+++ Entries shown

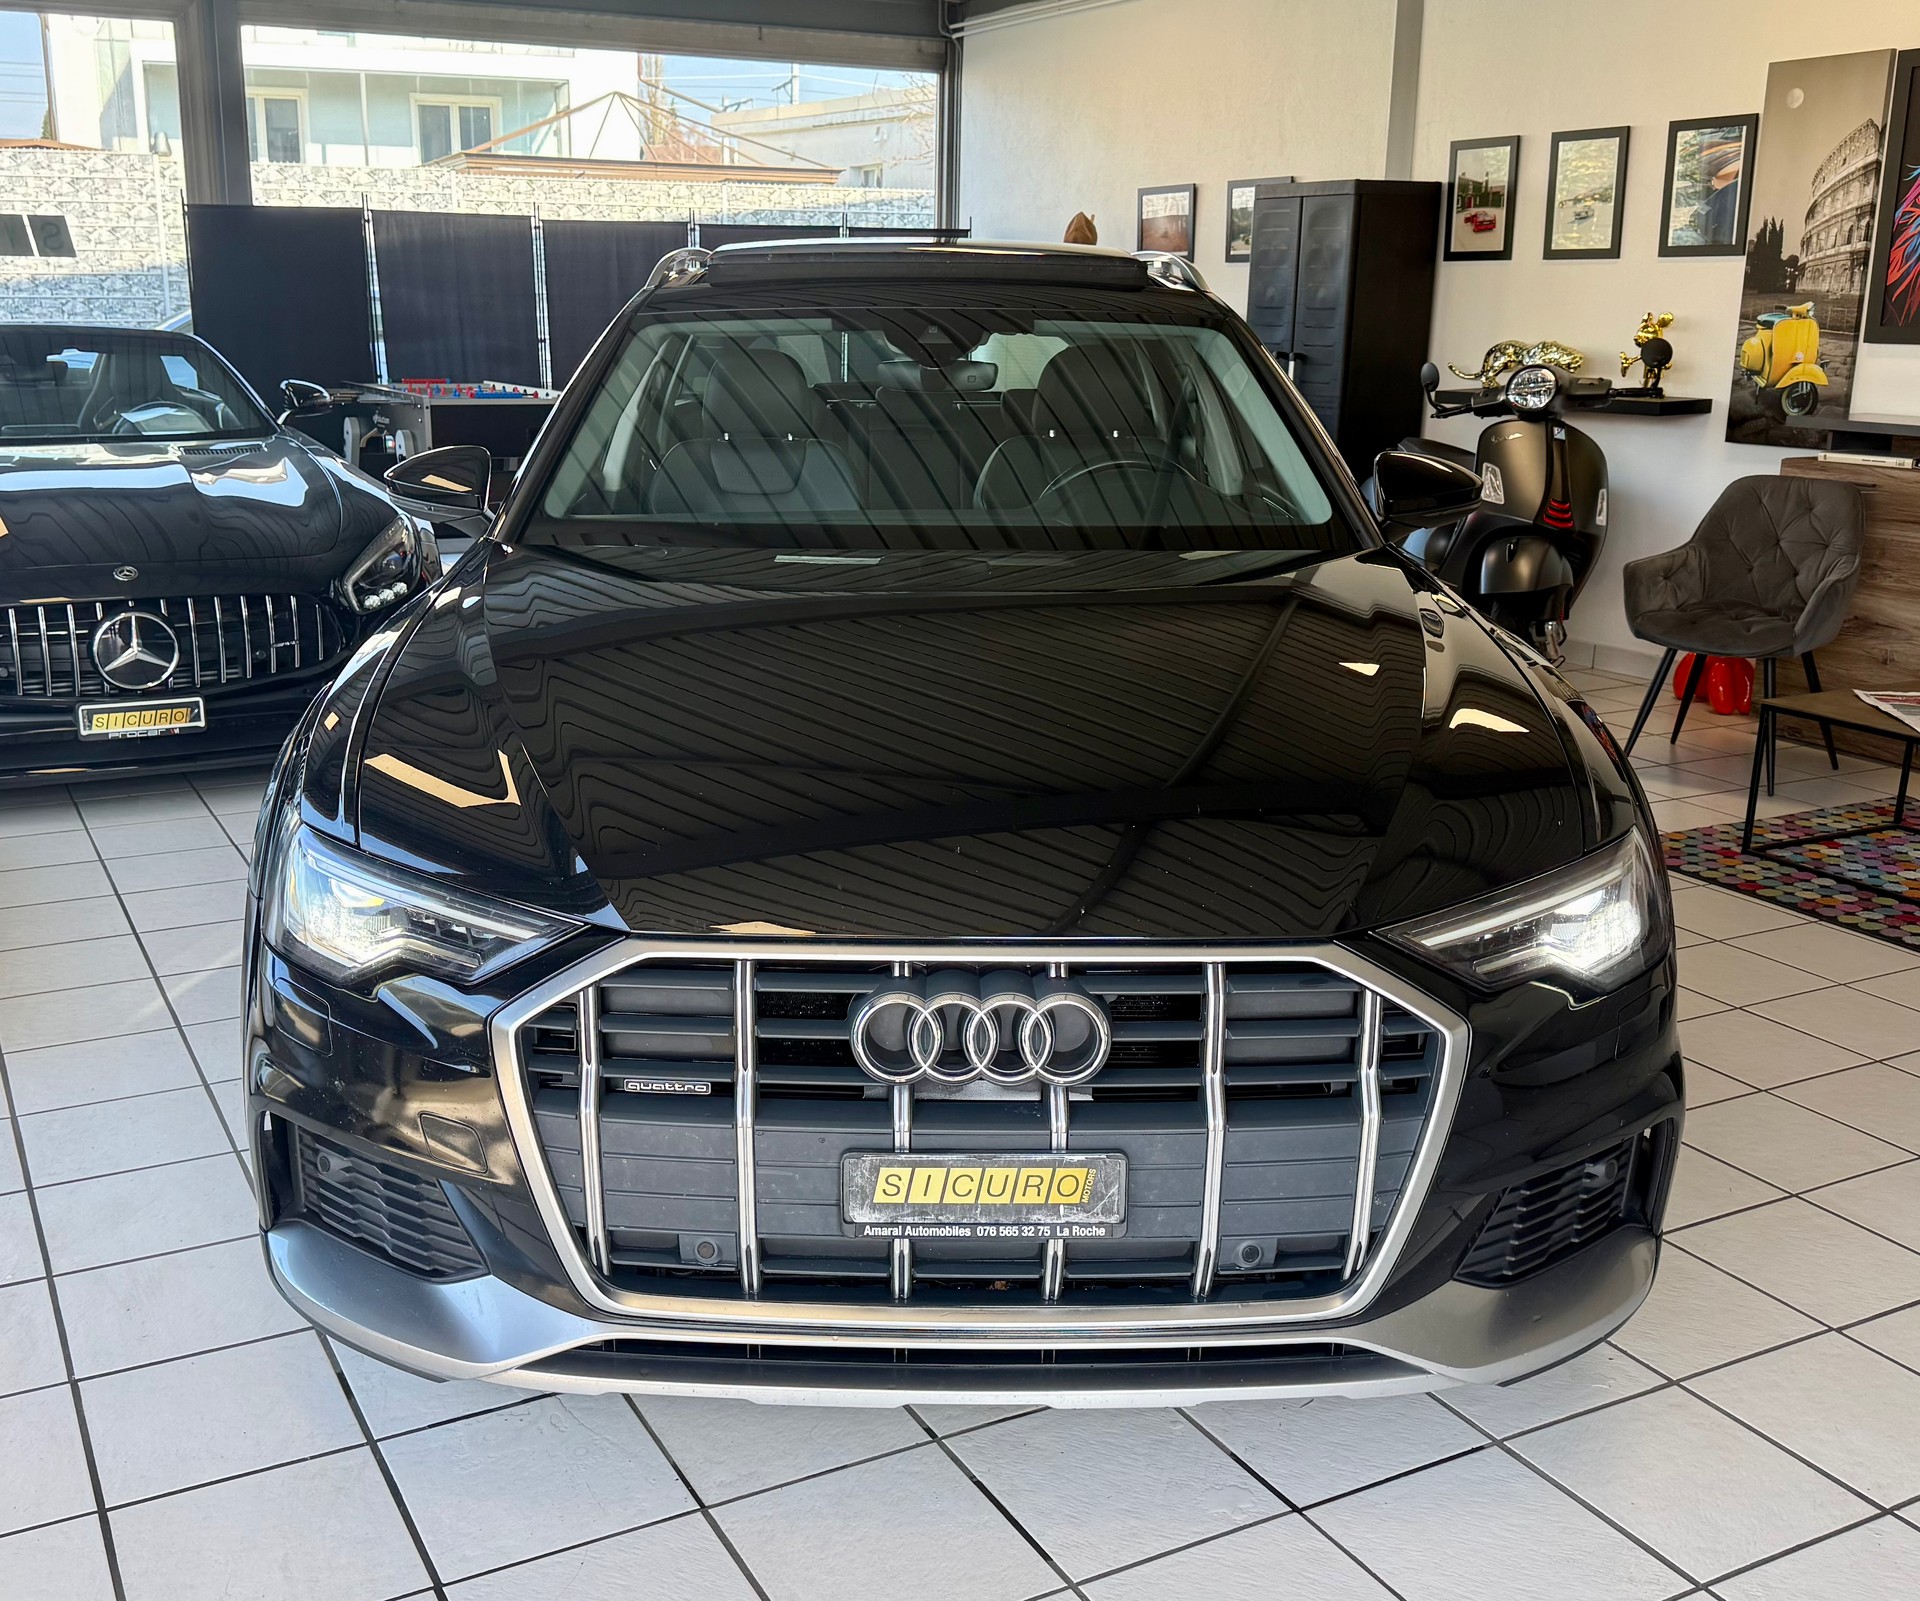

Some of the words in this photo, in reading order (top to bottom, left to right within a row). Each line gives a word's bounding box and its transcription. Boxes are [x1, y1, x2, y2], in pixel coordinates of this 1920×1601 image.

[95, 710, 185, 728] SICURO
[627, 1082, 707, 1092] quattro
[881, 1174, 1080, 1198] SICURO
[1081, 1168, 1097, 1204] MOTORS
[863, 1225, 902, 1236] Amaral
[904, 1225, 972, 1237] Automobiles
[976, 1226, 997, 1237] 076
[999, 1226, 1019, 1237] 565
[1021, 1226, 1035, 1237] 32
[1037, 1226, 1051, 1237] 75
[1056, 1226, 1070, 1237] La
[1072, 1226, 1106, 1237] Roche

++++++

Although the records include pictures, output only their text, exactly and completely.

Some of the words in this photo, in reading order (top to bottom, left to right within a row). Each line gives a word's bounding box and its transcription. Boxes are [x1, y1, x2, y2], in pixel coordinates of this 1920×1601 image.

[95, 710, 185, 728] SICURO
[627, 1082, 707, 1092] quattro
[881, 1174, 1080, 1198] SICURO
[1081, 1168, 1097, 1204] MOTORS
[863, 1225, 902, 1236] Amaral
[904, 1225, 972, 1237] Automobiles
[976, 1226, 997, 1237] 076
[999, 1226, 1019, 1237] 565
[1021, 1226, 1035, 1237] 32
[1037, 1226, 1051, 1237] 75
[1056, 1226, 1070, 1237] La
[1072, 1226, 1106, 1237] Roche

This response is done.